DESCRIPTION (provided by applicant): Enzymes perform the designated function of catalyzing chemical reactions by serving more than a scaffold for bringing together the reactants. The role of structure in enzyme function has been known for more than a century now; however, more recent evidence suggests that a functioning enzyme exists in an ensemble of conformations under ambient physiological conditions. The ensemble view of enzyme structure suggests that it can sample conformational sub-states that exhibit function promoting structural and dynamical features. Further, evidence from experiments and computational modeling suggest that transitions between these conformational sub-states enable substrate recognition and catalysis. Quantitative insights into these functionally relevant sub-states remains challenging, particularly due to the wide range of time-scales involved, limited window of resolution for individual techniques and the fact that some of the sub-states can be potentially short-lived. We address these issues by developing a joint computational-experimental framework to identify and characterize such functionally relevant sub-states in the context of enzyme function. In addition to identifying structural intermediates, our framework will quantify the relative population of the conformations in various sub-states as well as enable their linkage to kinetics of enzyme function through the catalytic cycle. This integrated approach will be used to investigate the bio-medically relevant ribonuclease (RNase) family of proteins and enzymes. In particular, we will: (1) Develop a theoretical framework to identify and characterize the multi-scale hierarchy in the conformational landscape of proteins; (2) Utilize the developed framework to investigate the RNase fold members and their ability to access distinct conformational sub-states, including functionally relevant sub-states along the catalytic cycle; (3) Validate the developed model and predicted sub- states by integrating nuclear magnetic resonance (NMR) relaxation dispersion experiments. The developed methodology and models will be improved by iterative interaction between the 3 PIs with different expertise spanning theoretical biophysics, computational simulations and experimental techniques. Overall, our studies will have implications in the design of novel inhibitors of RNase function in the context of neurotoxicity, angiogenesis and anti-pathogenicity.

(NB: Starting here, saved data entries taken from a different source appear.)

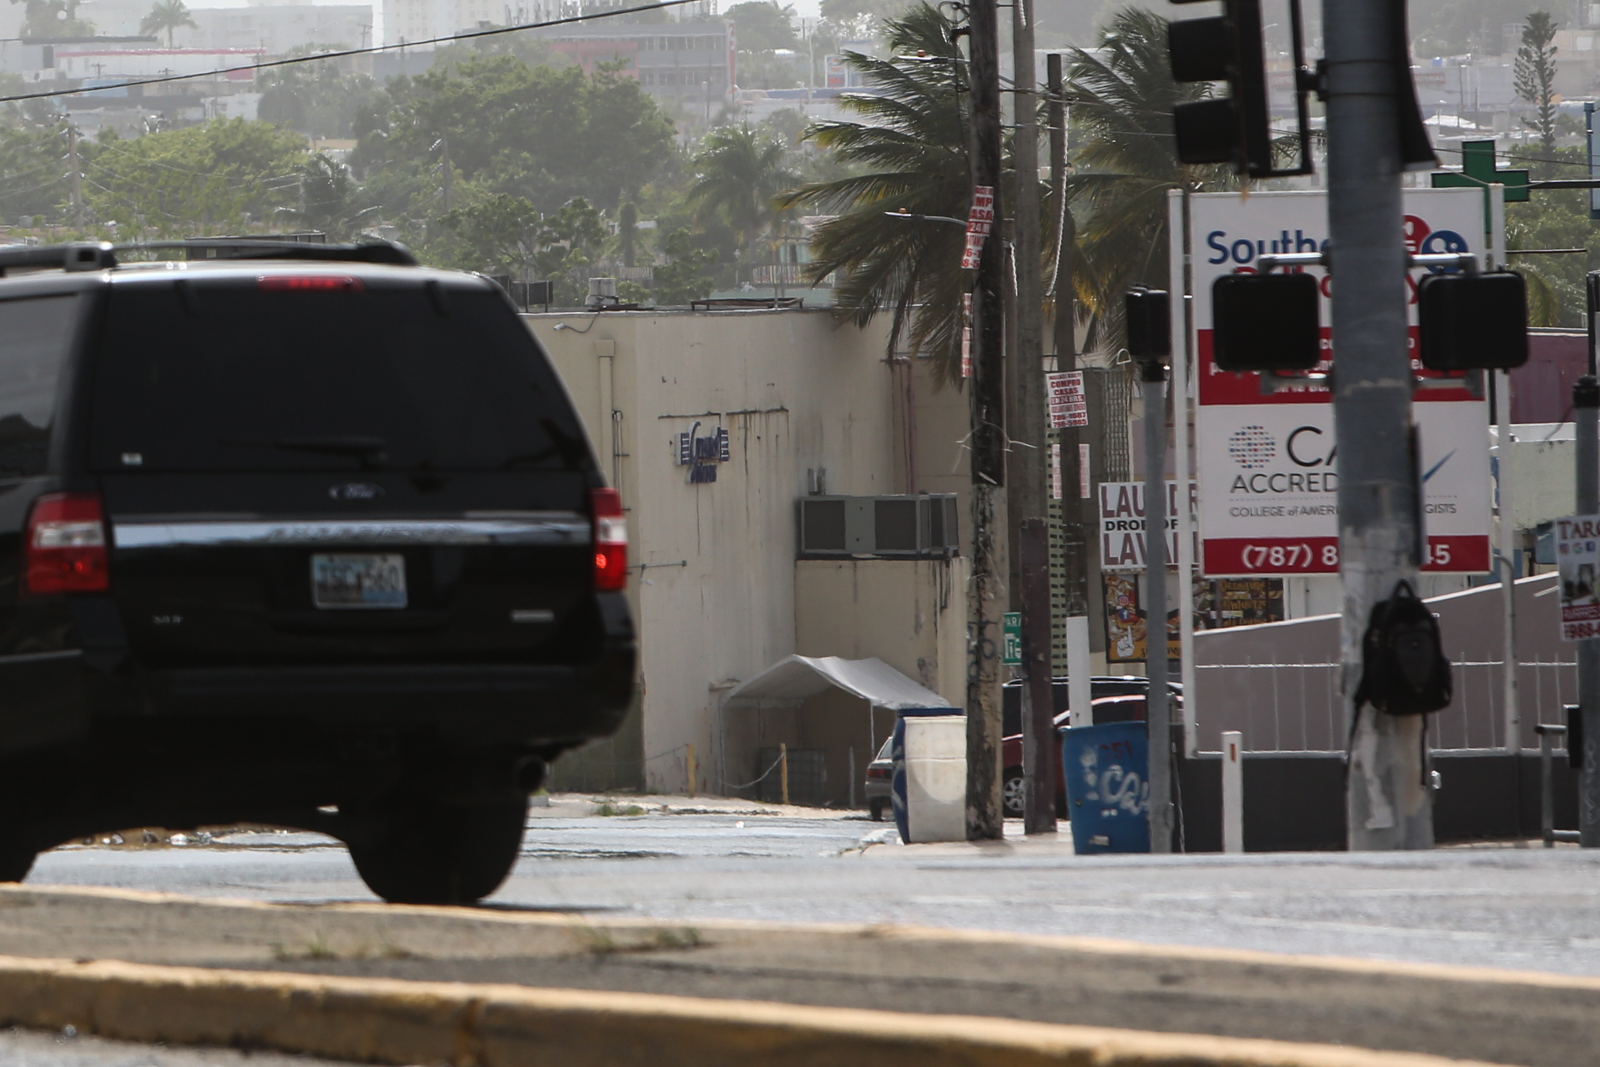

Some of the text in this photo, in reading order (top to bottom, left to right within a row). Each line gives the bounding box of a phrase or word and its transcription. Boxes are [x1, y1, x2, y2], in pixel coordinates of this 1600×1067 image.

[1054, 387, 1079, 395] CASAS
[1230, 473, 1338, 494] ACCRED
[1229, 505, 1285, 518] COLLEGE
[1300, 504, 1338, 516] AMERI
[1105, 520, 1146, 531] DRO
[1241, 544, 1313, 569] (787)
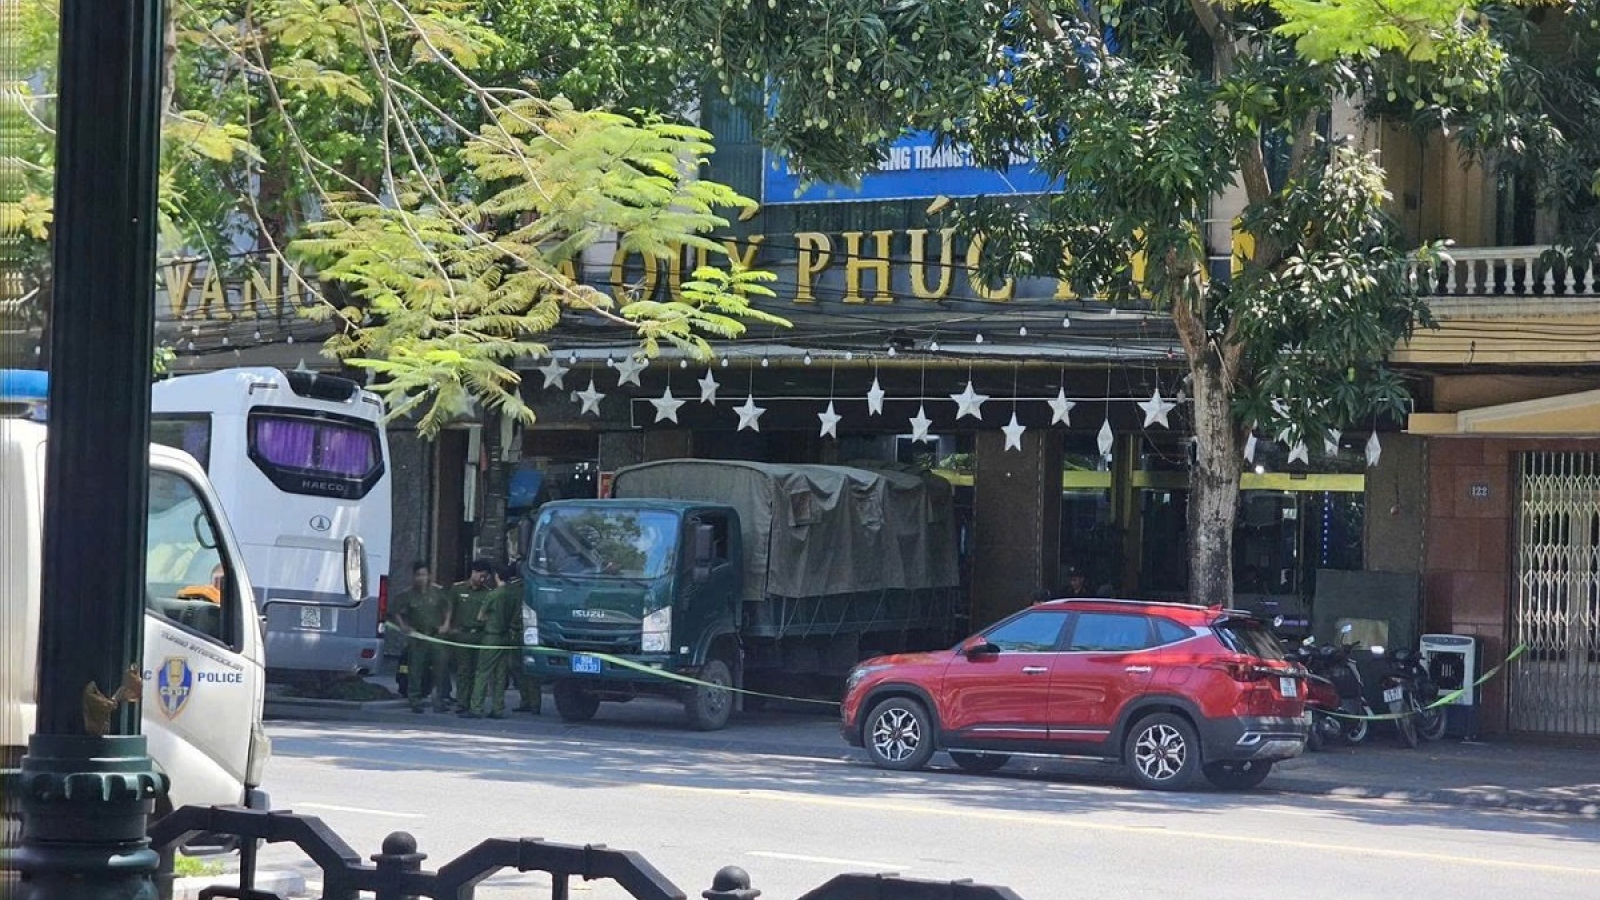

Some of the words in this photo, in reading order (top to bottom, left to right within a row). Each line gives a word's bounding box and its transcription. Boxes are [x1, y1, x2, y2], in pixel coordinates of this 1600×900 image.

[793, 194, 1019, 304] PHÚC
[301, 480, 345, 492] HAECO
[571, 609, 605, 619] ISUZU
[197, 672, 243, 683] POLICE

描述（由申请人提供）：酶通过为将反应物汇总的脚手架提供多的脚手架来执行催化化学反应的指定功能。结构在酶功能中的作用已有一个多世纪以来。但是，最近的证据表明，在环境生理条件下的构象中存在一种功能正常的酶。酶结构的整体视图表明，它可以采样表现出促进结构和动力学特征的功能的构象子态。此外，来自实验和计算建模的证据表明，这些构象子态之间的过渡可以实现底物识别和催化。对这些功能相关的子群的定量见解仍然具有挑战性，特别是由于涉及的时间表很广，单个技术的分辨率有限，并且某些子州可能是可能是可能是潜在的事实 短暂的。我们通过开发一个联合计算实验框架来解决这些问题，以在酶功能的背景下识别和表征此类功能相关的子群。除了识别结构中间体外，我们的框架还将量化各种子群中的构象的相对群体，并通过催化循环使它们与酶功能动力学的联系。这种综合方法将用于研究蛋白质和酶的生物医学相关的核糖核酸酶（RNase）家族。特别是：（1）开发一个理论框架，以识别和表征蛋白质构象局势中的多尺度层次结构； （2）利用开发的框架来研究RNase折叠构件及其访问不同构象子态的能力，包括沿催化循环的功能相关的子群； （3）通过整合核磁共振（NMR）弛豫分散实验来验证开发的模型并预测子态。通过跨越理论生物物理学，计算模拟和实验技术的不同专业知识之间的3个PI之间的迭代相互作用将改善开发的方法和模型。总体而言，我们的研究将在神经毒性，血管生成和抗病原体的背景下对新型RNase功能抑制剂的设计具有影响。